### EXERCISE AIM
Reproduce all the records word for word. Omit images.
DATA FOR THIS EXERCISE section start
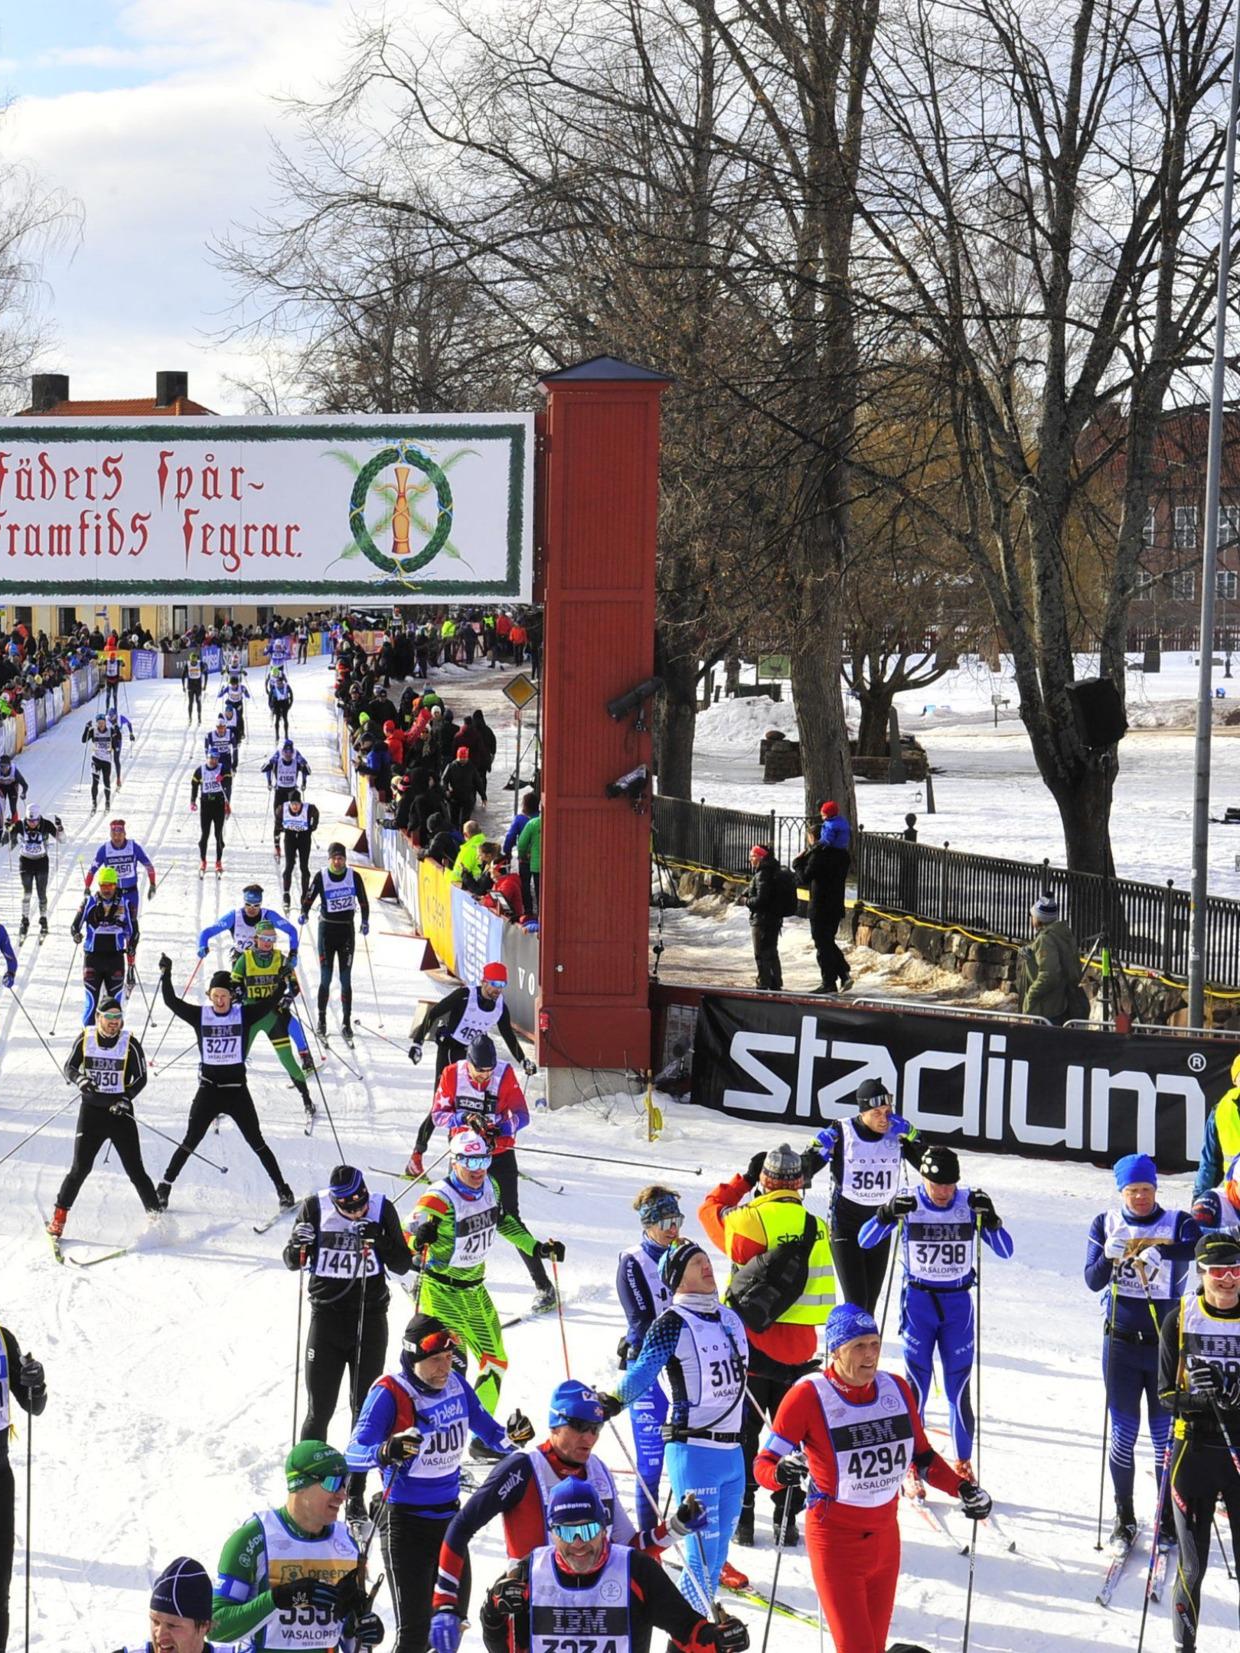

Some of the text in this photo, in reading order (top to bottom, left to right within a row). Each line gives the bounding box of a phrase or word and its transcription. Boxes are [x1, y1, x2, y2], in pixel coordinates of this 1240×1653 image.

[329, 897, 353, 911] 3522
[210, 1025, 234, 1037] IBM
[205, 1038, 238, 1054] 3277
[91, 1058, 118, 1071] IBM
[89, 1070, 119, 1086] 5030
[722, 1015, 1207, 1163] stadium
[851, 1170, 892, 1190] 3641
[464, 1210, 493, 1233] IBM
[922, 1224, 962, 1240] IBM
[915, 1243, 967, 1265] 3798
[847, 1418, 897, 1447] IBM
[847, 1443, 907, 1480] 4294
[308, 1565, 349, 1580] preem
[552, 1609, 608, 1634] IBM
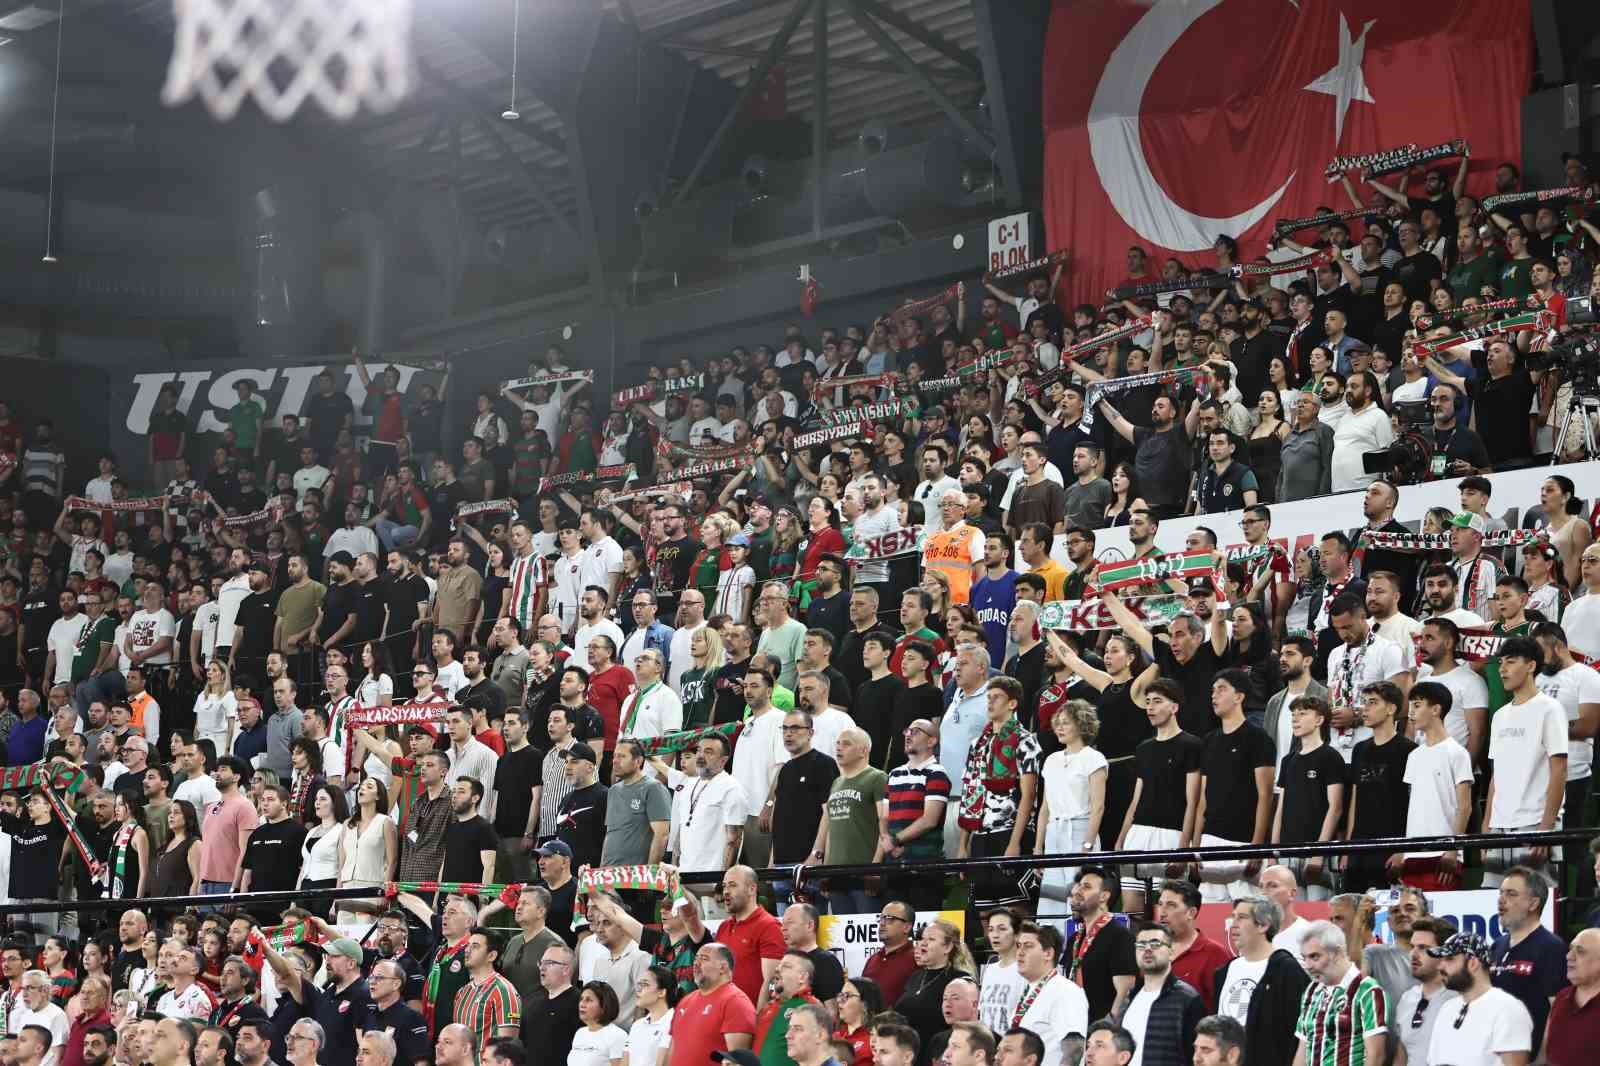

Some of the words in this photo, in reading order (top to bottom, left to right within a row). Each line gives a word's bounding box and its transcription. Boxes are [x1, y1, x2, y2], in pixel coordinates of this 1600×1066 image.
DATA FOR THIS EXERCISE section end
### SOLUTION FOR THIS EXERCISE
Some of the text in this photo, in reading order (top to bottom, left to right within a row). Each line gives the bounding box of a phrase or word and its transcription. Boxes are [x1, y1, x2, y2], in pixel coordinates of this 1240×1653 image.

[329, 897, 353, 911] 3522
[210, 1025, 234, 1037] IBM
[205, 1038, 238, 1054] 3277
[91, 1058, 118, 1071] IBM
[89, 1070, 119, 1086] 5030
[722, 1015, 1207, 1163] stadium
[851, 1170, 892, 1190] 3641
[464, 1210, 493, 1233] IBM
[922, 1224, 962, 1240] IBM
[915, 1243, 967, 1265] 3798
[847, 1418, 897, 1447] IBM
[847, 1443, 907, 1480] 4294
[308, 1565, 349, 1580] preem
[552, 1609, 608, 1634] IBM

Some of the words in this photo, in reading order (top to bottom, left to right within a row). Each line gives a word's bounding box and its transcription. Boxes are [x1, y1, x2, y2], in pixel coordinates of this 1600×1066 image.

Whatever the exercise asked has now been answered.